It was a working manuscript score for a piano version of Beethoven's "Grosse Fuge," a monument of classical music. And it was in the composer's own hand, according to Sotheby's auction house. The 80-page manuscript in mainly brown ink - a furious scattering of notes across the page, with many changes and cross-outs, some so deep that the paper is punctured - dates from the final months of Beethoven's life.

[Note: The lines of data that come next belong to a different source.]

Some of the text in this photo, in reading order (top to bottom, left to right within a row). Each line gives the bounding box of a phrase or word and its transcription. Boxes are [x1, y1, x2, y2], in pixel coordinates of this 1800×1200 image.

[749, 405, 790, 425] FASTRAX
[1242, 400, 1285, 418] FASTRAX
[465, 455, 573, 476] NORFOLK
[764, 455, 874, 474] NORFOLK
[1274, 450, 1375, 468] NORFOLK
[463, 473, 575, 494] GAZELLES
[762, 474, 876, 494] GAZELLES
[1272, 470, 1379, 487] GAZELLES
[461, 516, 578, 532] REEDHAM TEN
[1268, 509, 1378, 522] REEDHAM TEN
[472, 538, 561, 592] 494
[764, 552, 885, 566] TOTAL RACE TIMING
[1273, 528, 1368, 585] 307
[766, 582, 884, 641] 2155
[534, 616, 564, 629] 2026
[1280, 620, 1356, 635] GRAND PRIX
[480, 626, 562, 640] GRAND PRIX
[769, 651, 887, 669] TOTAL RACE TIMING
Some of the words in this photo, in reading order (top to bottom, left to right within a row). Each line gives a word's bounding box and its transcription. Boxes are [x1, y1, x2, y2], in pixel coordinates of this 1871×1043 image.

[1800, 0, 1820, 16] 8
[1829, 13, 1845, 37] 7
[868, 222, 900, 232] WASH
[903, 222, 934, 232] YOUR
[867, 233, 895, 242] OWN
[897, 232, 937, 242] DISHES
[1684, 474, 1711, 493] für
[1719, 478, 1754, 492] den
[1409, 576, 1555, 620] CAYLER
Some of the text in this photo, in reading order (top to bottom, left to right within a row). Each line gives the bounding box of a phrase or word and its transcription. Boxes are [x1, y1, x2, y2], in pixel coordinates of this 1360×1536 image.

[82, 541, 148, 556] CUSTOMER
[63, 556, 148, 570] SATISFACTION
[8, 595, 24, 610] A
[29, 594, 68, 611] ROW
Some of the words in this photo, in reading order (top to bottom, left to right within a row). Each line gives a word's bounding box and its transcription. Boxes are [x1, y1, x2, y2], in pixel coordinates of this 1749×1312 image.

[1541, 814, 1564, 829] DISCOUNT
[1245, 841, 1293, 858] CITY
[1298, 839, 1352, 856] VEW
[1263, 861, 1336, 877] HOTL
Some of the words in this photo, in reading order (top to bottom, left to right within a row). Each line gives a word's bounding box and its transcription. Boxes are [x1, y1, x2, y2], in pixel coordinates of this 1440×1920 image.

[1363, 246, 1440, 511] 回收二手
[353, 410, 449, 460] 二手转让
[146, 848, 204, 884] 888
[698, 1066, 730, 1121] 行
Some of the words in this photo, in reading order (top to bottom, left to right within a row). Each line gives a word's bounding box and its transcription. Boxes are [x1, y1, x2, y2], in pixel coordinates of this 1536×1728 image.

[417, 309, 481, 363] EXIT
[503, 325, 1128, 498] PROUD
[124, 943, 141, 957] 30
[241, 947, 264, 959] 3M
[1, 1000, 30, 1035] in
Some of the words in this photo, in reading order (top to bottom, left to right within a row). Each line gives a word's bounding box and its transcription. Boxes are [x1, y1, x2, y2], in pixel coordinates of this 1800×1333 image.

The score had effectively disappeared from view for 115 years, apparently never examined by scholars. It goes on display today, just for the afternoon, at the school, the Palmer Theological Seminary in Wynnewood, Pa.

[...]

Any manuscript showing a composer's self-editing gives invaluable insight into his working methods, and this is a particularly rich example. Such second thoughts are particularly revealing in the case of Beethoven, who, never satisfied, honed his ideas brutally - unlike, say, Mozart, who was typically able to spill out a large score in nearly finished form.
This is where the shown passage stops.